Speaker 02:And then my mom is called eye to eye. All right. So both my my grandmother and my mom, and I haven't painted my aunt yet, but she'll on the line soon. Yeah. They both have snakes in their paintings. And this and this one of my mom, my mom and the snake are looking at each other eye to eye. Whoa. So this is called eye to eye. Josephine looks that snake in the eye. No longer does she cry. She used to be so afraid, sad, scared, and mad. She felt overwhelmed and over her head. How did this all happen? Sometimes she wishes she was dead. Her life was not hers. All of those chores. Constantly she wished she could say no more. No to the yelling, no to the cooking, no to the cleaning, no to the put downs, no to the demands. Her voice stayed silent. It came harshly out of her hands. It was never her job to take care of him, be his bitch, go out on a limb. He didn't appreciate what she did. He didn't see she was afraid, raising the kids he didn't want made. For most of my life, she seemed far away. She stared a lot at that undetermined spot. She struggled so much. She wasn't seen. She went through the motions. This was not her dream. Did she ask for help? She didn't know how. So she just yelled and beat and hit and screamed at all the little people and through all of the things. It wasn't our fault. We had to hide. Always it seemed like she was so mean. But now she looks that snake in the eye, holding hands with her mom up in the sky. They wish it could have been different for them and for us. They are filled with warmth as we slowly learn to trust. So the snake that Alfonsina wore as a crown and that Josephine now looks at straight in the eye has become a mentor, a teacher, and an ally. Here to teach us to love, fight for what's right, let go of old skin, and not hold on too tight. Patiently they wait for each one of us as we head their way on that one-way bus. There will be an understanding, a knowing, if you will, that familiar pain we all feel so much. It was that snake, that snake with no skill. It was never supposed to hurt and scar us for life, but give us a way to look for the light. As turned around, twisted, and strange as it seems, that snake leads the way to the light, a pathway to the unseen. As we courageously take that turn beyond what we know, the snake leads us to a place, a place of dignity and grace. You can really hear the difference. Yeah. With my mom and grandmother, and yeah.

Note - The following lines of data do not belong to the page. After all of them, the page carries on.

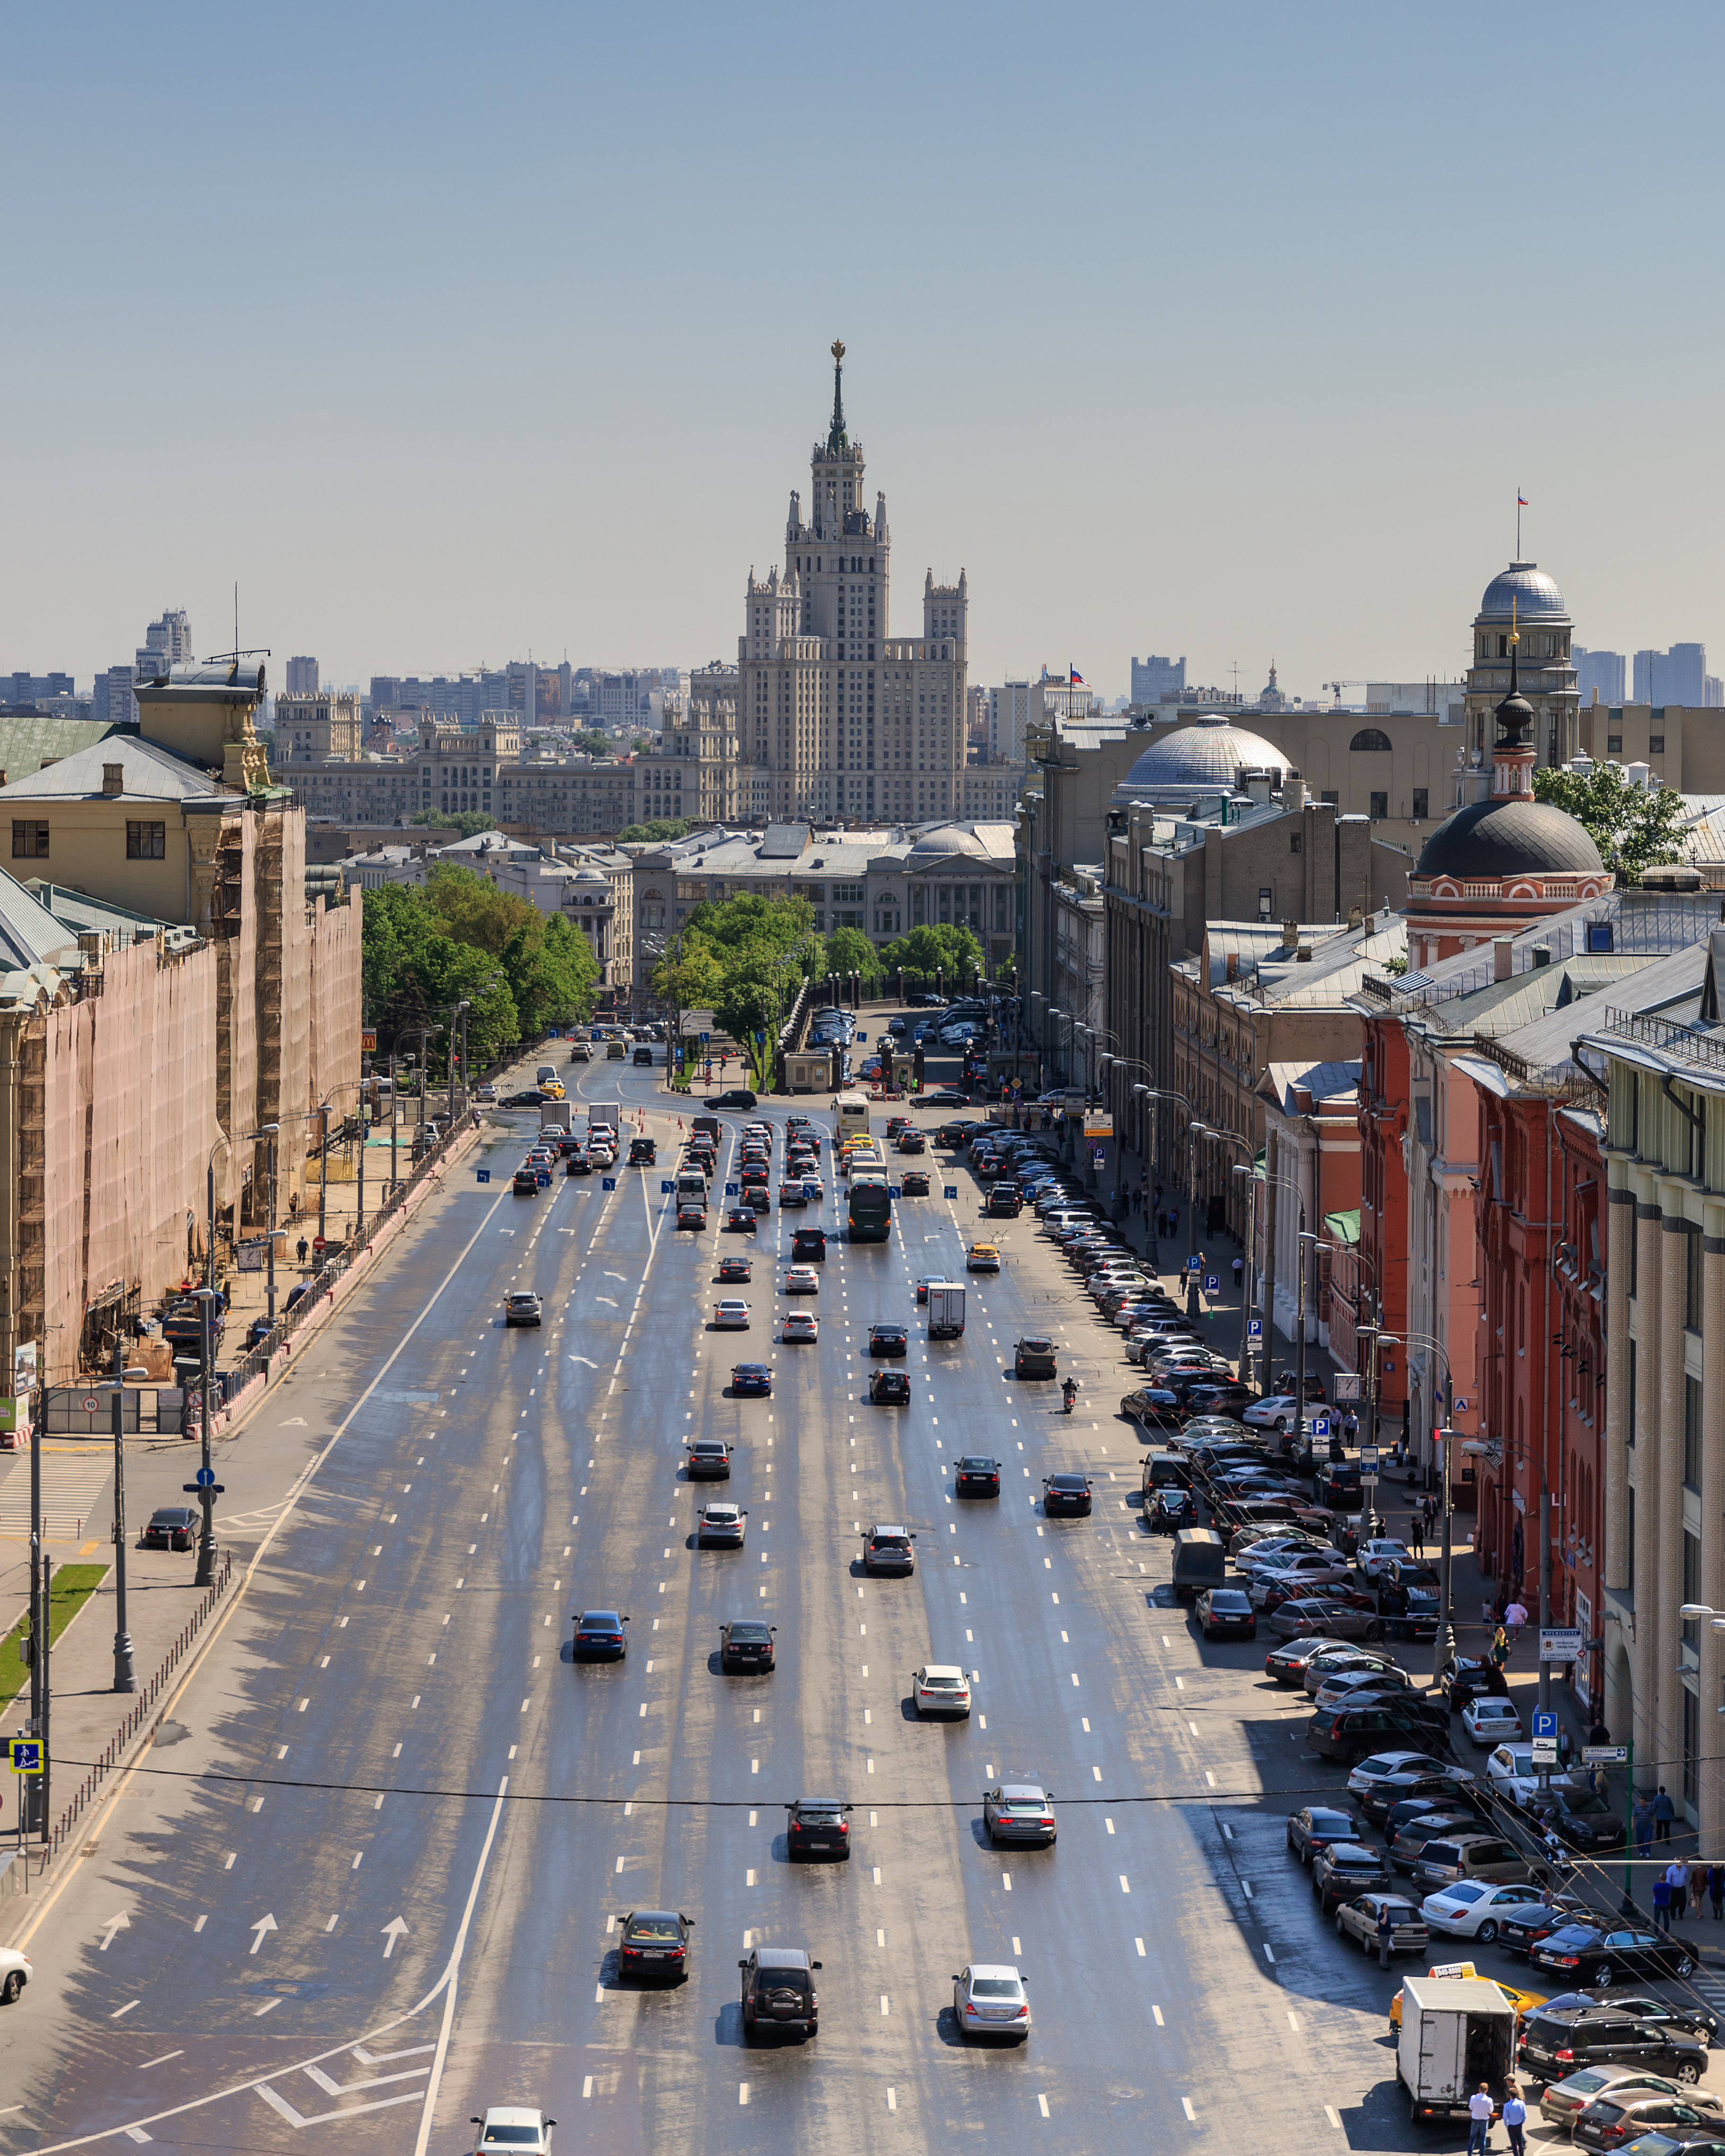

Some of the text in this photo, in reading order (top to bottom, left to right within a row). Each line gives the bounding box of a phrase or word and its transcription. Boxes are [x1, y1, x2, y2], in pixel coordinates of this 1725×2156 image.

[1097, 1149, 1103, 1157] P
[1192, 1258, 1198, 1268] P
[1209, 1277, 1217, 1288] P
[1251, 1321, 1259, 1334] P
[1316, 1420, 1325, 1434] P
[1539, 1715, 1551, 1733] P

Speaker 03:And you can hear the difference in your reading and your confidence and your and and what's polished and what's still becoming. And is your aunt still with us? No, there are my aunt was actually the last one.
Speaker 02:Um she died in 2006 or seven. Yeah.
Speaker 03:So there's I I like how you're linking the the women together in your work as well. Yeah, and it's interesting.
Speaker 02:I'm my current painting I'm waking working on now is kind of big. And it's a combination of like what I've done with the disco balls and the broken mirrors. I have a big white, three-headed white snake. Uh-huh. With and and the body is made of those broken mirrors. Um and so, yeah. So I I I was talking about it with Al the other day, and it's like, yeah, I think this is all three of them. Wow. It's and I think the name of that's gonna be Beautiful Trilogy and Shattered Reflection or something like that. I don't know. But still, anyway, it's about then is the white snake and the snake. Yeah. And snakes, even before I had all this come to me, you know, snakes have ever since I started painting, snakes were always important.
Speaker 03:What about the snake?
Speaker 01:Besides is it because of what it symbolizes or well, because my grandmother was in Snake Hill Asylum. Right. So that's part of it.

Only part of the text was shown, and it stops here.